Chefs+Tech: Danny Meyer Says Restaurants Must Compete for People's Time
Skift Take
Meal kits and delivery may replicate some of the satisfactions of dining out, but a restaurant's value lies in its experience. On top of everything else, restaurateurs must convince us to take the time to visit.
Editor's Note: In September we announced that Skift was expanding into food and drink with the addition of the Chefs+Tech newsletter.
We see this as a natural expansion of the Skift umbrella, bringing the big-picture view on the future of dining out, being fanatically focused on the guest experience, and at the intersection of marketing and tech.
Bonus: We now publish C+T twice weekly.
The Real Competition in Restaurants Is for People's Time
The biggest challenge facing restaurants isn’t rent or margins or tipping or marketing: It’s competing for customers’ time, according to restaurateur Danny Meyer. Speaking to CNBC, he says: “It's not that there are so many restaurants that you are competing against. I think you're competing for people's time."

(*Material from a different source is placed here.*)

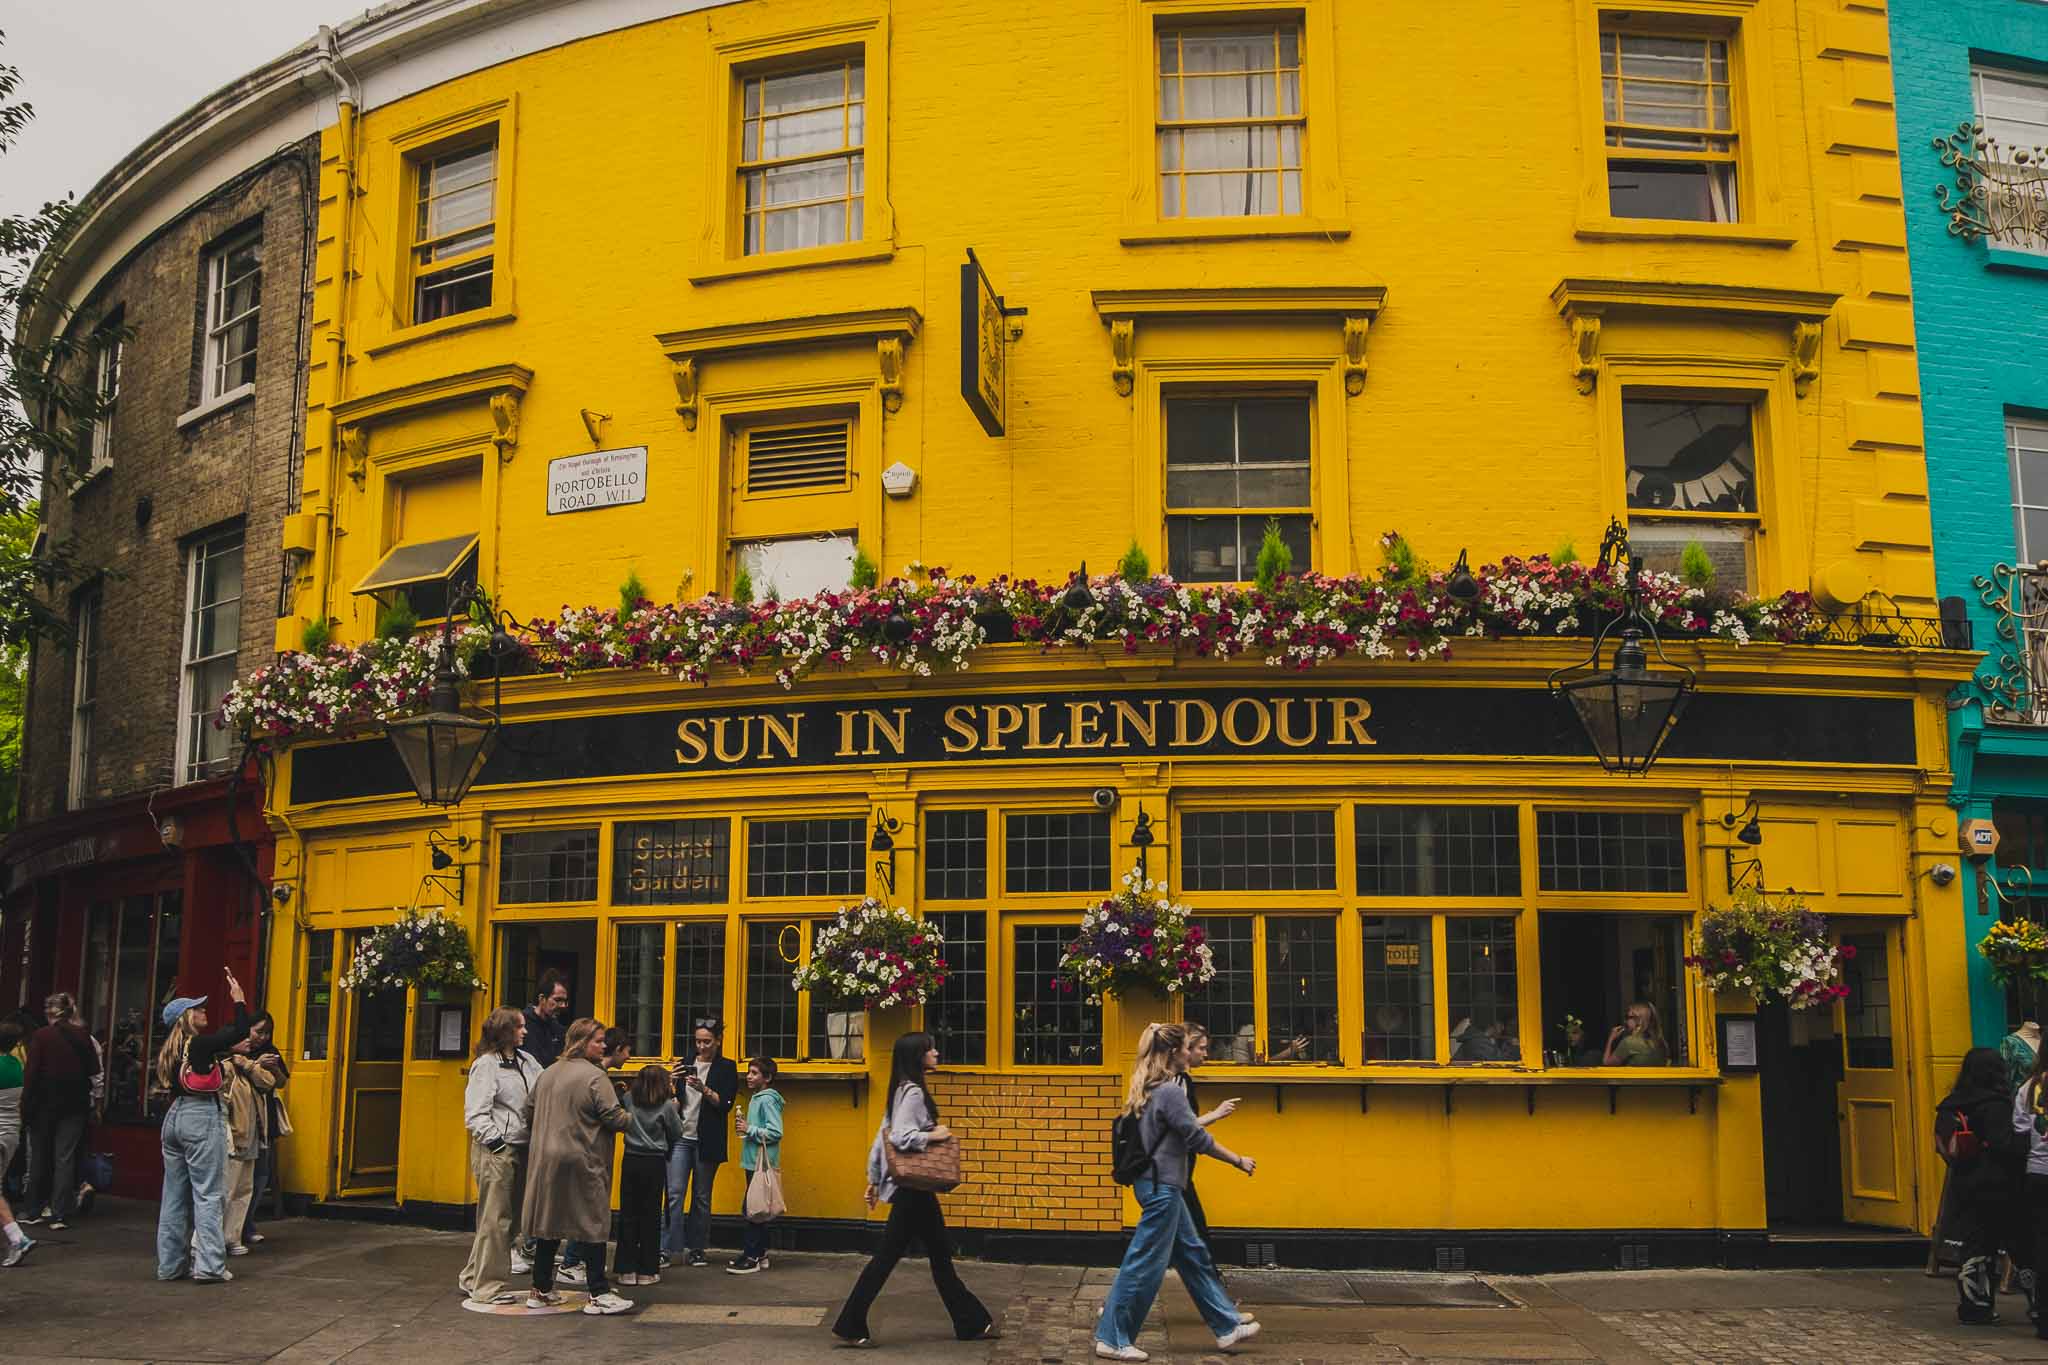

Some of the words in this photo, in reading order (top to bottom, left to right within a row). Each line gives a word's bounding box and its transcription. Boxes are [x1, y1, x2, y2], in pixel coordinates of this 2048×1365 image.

In a short clip accompanying the article, the CNBC host says that restaurants have to compete with the price of food and meal kits at grocery stores, which isn’t an apples-to-apples comparison. Much of the restaurant business — at least the business that Meyer is in — is about the experience, not a cheap meal. (Even Shake Shack, his fast food chain, prices its food above the typical fast food restaurant; $5.55 for a burger and $2.99 for an order of fries.)